Dynamically-scoped variables (more precisely: variables with global scope and dynamic extent) are one such wonderful thing. In languages which offer those, one might use one in a function to hold a state which isn't related to the primary task of that function, e.g. a stream reference to send debug information to. Sure, one could give that to the function as one of the arguments, but doing so will make the interface eventually unwieldy and carrying such state from function to function becomes a hassle. Alternatively, one could keep such state as class variable, but if it isn't directly related to the or a single class, that wouldn't be easily comprehend-able design either. Keeping such state in a plain global variable (with indefinite extent) restricts it to being a single value for all consumers.
There's always more than one way to solve a technical problem, but dynamically scoped variables are sometimes the easiest, most straight-forward and most flexible way to do so.
Technically it's possible but AFAIK people don't normally extend e.g. every business object with a logger field or an output stream? In fact that's usually a very bad pattern, something akin to a "god object".
Part of this is Lisp-only history, outside of old Lisp users dynamic scoping really has few friends although the somewhat similar environment variable mechanism is widespread and accepted:
https://en.wikipedia.org/wiki/Scope_(computer_science)#Histo...

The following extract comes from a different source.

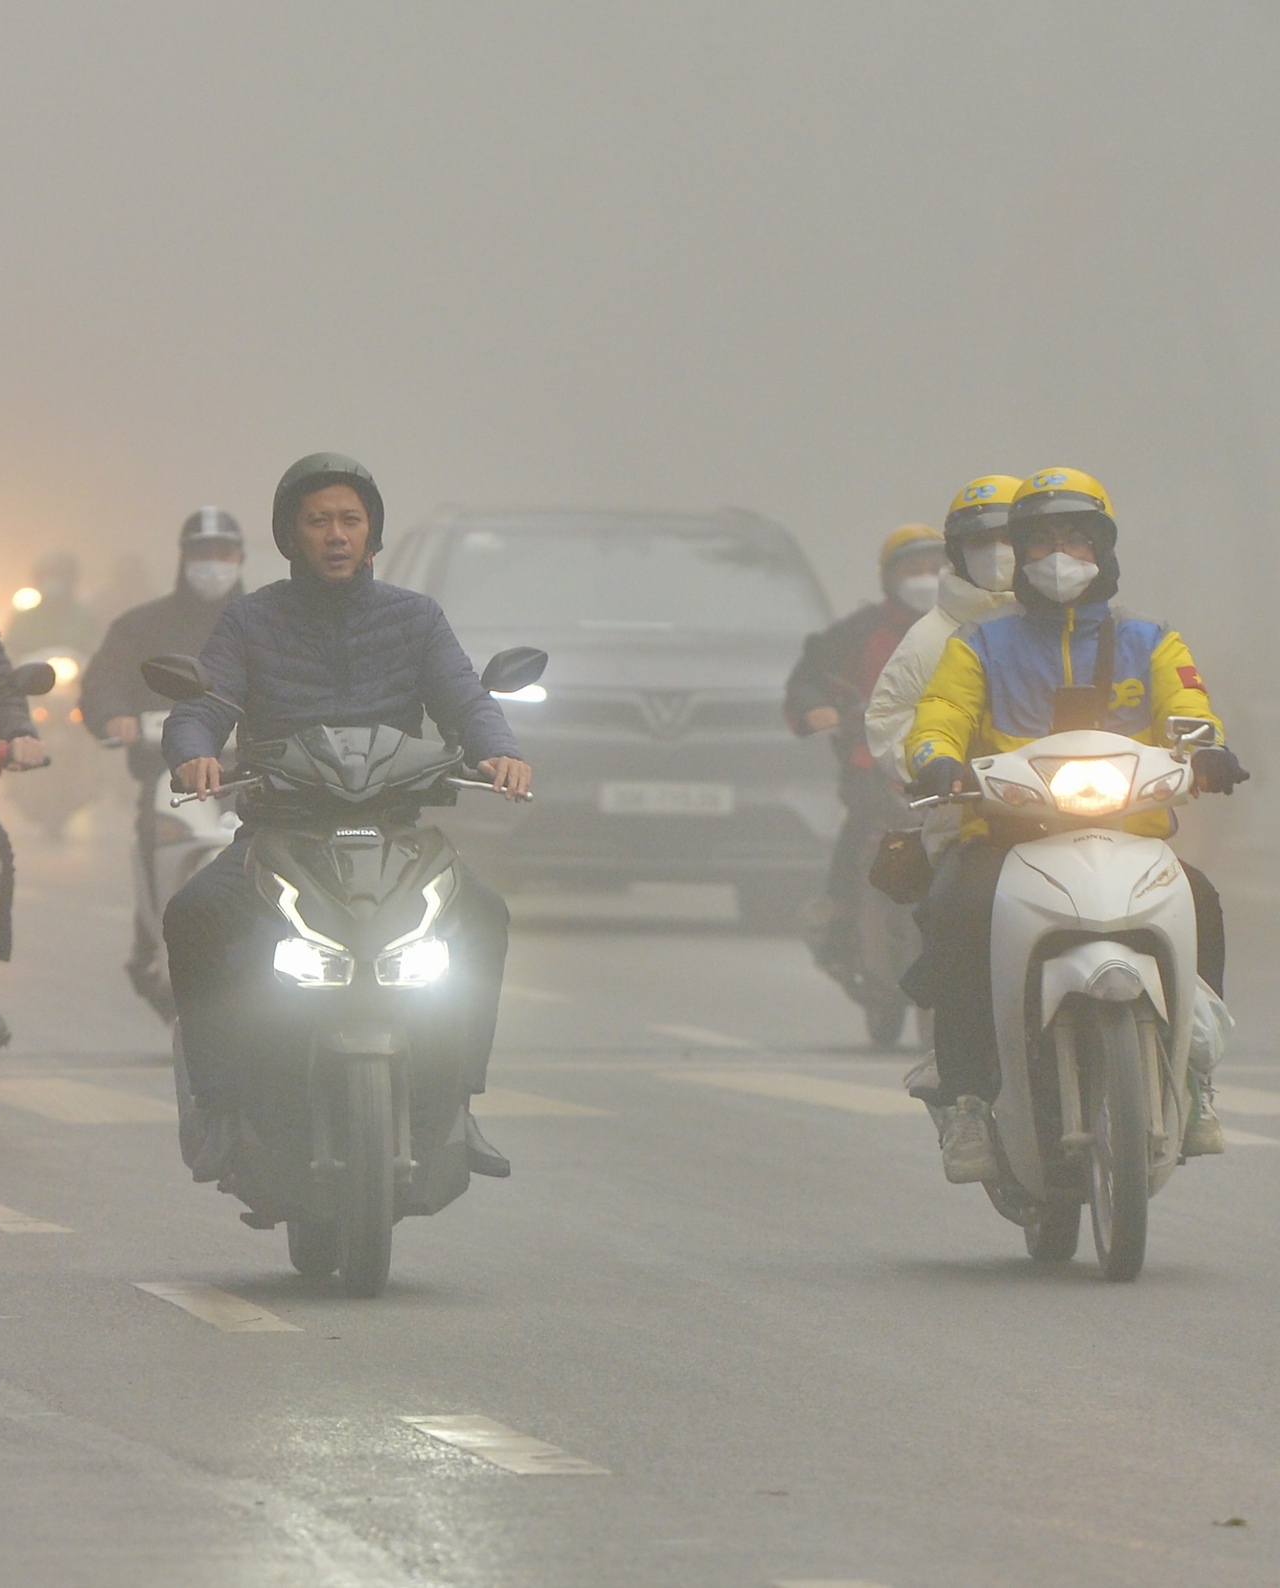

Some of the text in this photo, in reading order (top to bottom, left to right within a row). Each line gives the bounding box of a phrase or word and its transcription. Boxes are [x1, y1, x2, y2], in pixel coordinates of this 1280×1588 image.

[1032, 473, 1068, 489] be
[963, 484, 997, 502] be
[335, 829, 378, 837] HONDA
[1072, 833, 1114, 844] HONDA

Yeah, “12 factor apps” basically use dynamic scope for dependency injection. But, also, I believe the Reader typeclass in Haskell is basically equivalent to dynamic scope? Haskellers seem to use this and a lot of similar techniques (Free monads/mtl style) to work around the lack of dynamic scope :).
Reader is similar, but I wouldn't say equivalent, because only those things working in the Reader can use that environment. For example, when you have project A using project B using project C, you can't define a putStrLn such that project C can use it and be able to override its output stream from project A, while keeping B completely ignorant of that ability of putStrLn or that C even uses putStrLn.
Reader is like a middle-ground between dynamic-scoping and explicit passing of a context argument around as you would in a statically-scoped language.
Think about passing some ambient context around. In Go, you do it by sticking an additional "ctx context.Context" parameter in every single function that conceivably may use it directly or indirectly, i.e. may call some other function that may or may not use it.
And sometimes you need to set up a derived context for one function call, but continue to use the previous one in other calls:
It's not hard, but just extremely tedious, esp. if context is mostly utilized in the leaf functions, and the most of the rest of your code simply passes it around.